> _Problem_
Please give the whole listing again word for word, and drop any pictures it holds.

(Records for this task begins)

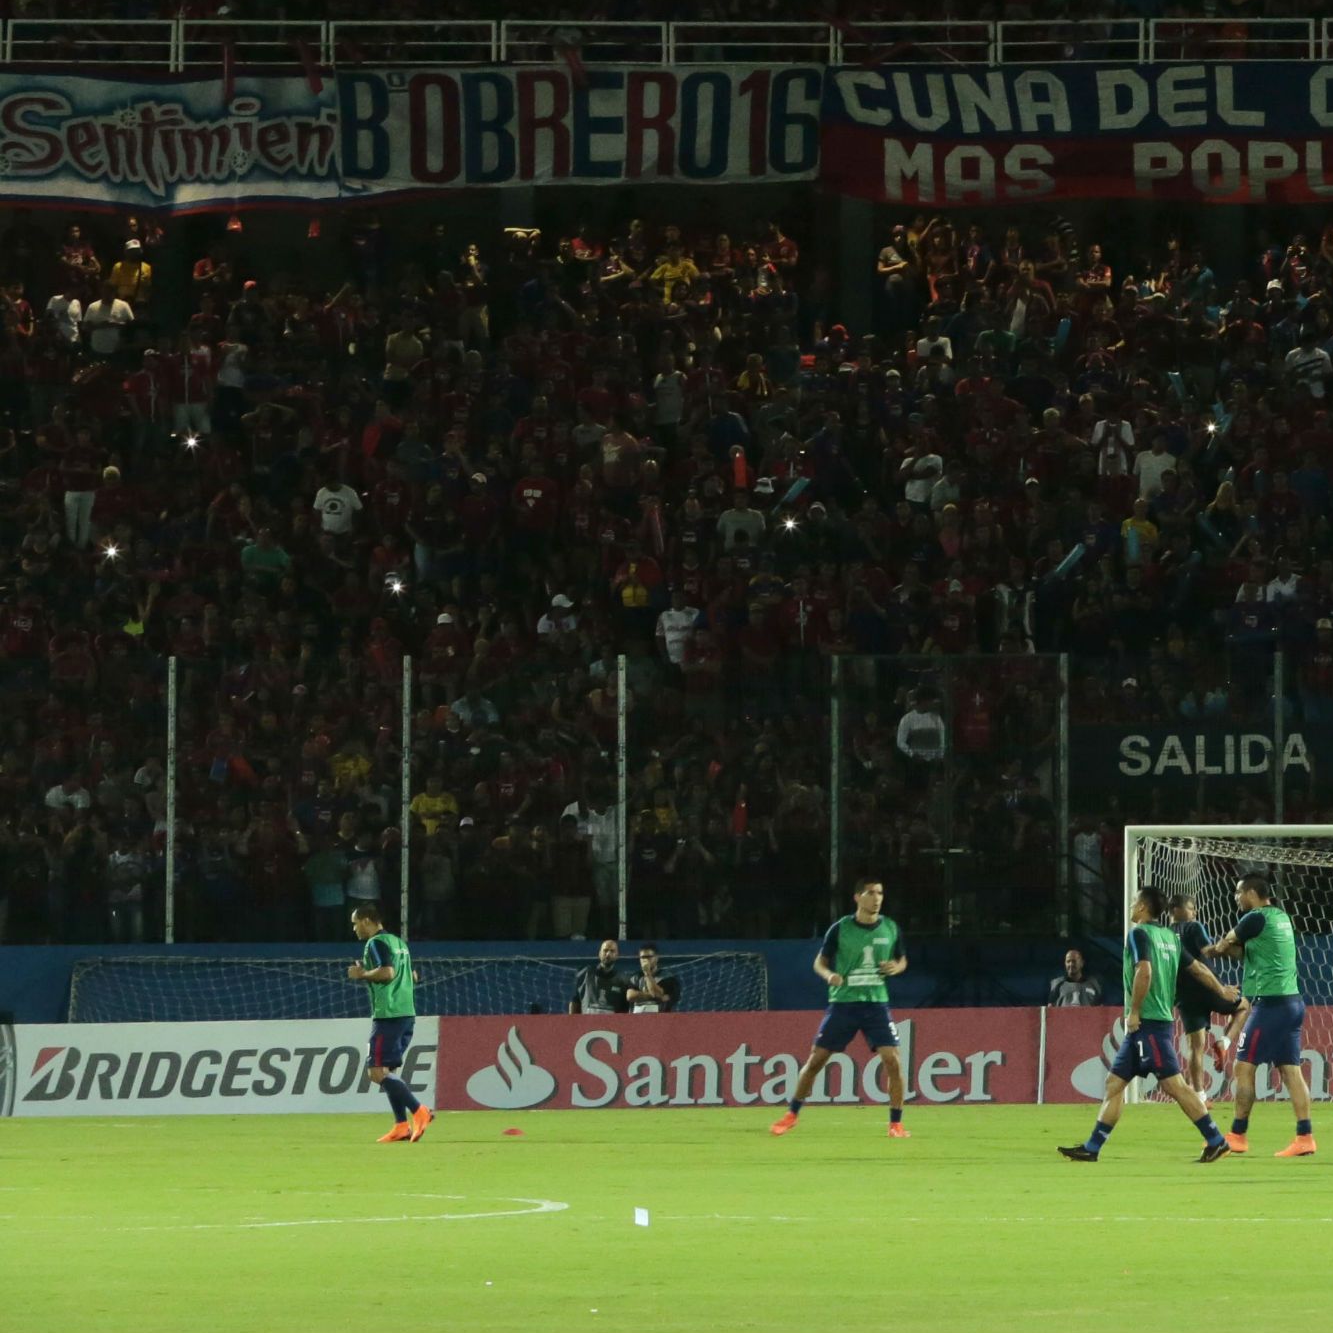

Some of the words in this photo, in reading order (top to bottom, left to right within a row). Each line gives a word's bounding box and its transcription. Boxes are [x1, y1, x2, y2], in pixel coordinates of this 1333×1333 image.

[833, 66, 1073, 133] CUNA
[1097, 65, 1266, 131] DEL
[0, 90, 338, 197] Sentimien
[883, 137, 1056, 203] MAS
[1118, 732, 1311, 777] SALIDA
[571, 1018, 1003, 1108] Santander

(Records for this task ends)

> _Solution_
Some of the words in this photo, in reading order (top to bottom, left to right within a row). Each line gives a word's bounding box and its transcription. Boxes are [x1, y1, x2, y2], in pixel coordinates of this 1333×1333 image.

[833, 66, 1073, 133] CUNA
[1097, 65, 1266, 131] DEL
[0, 90, 338, 197] Sentimien
[883, 137, 1056, 203] MAS
[1118, 732, 1311, 777] SALIDA
[571, 1018, 1003, 1108] Santander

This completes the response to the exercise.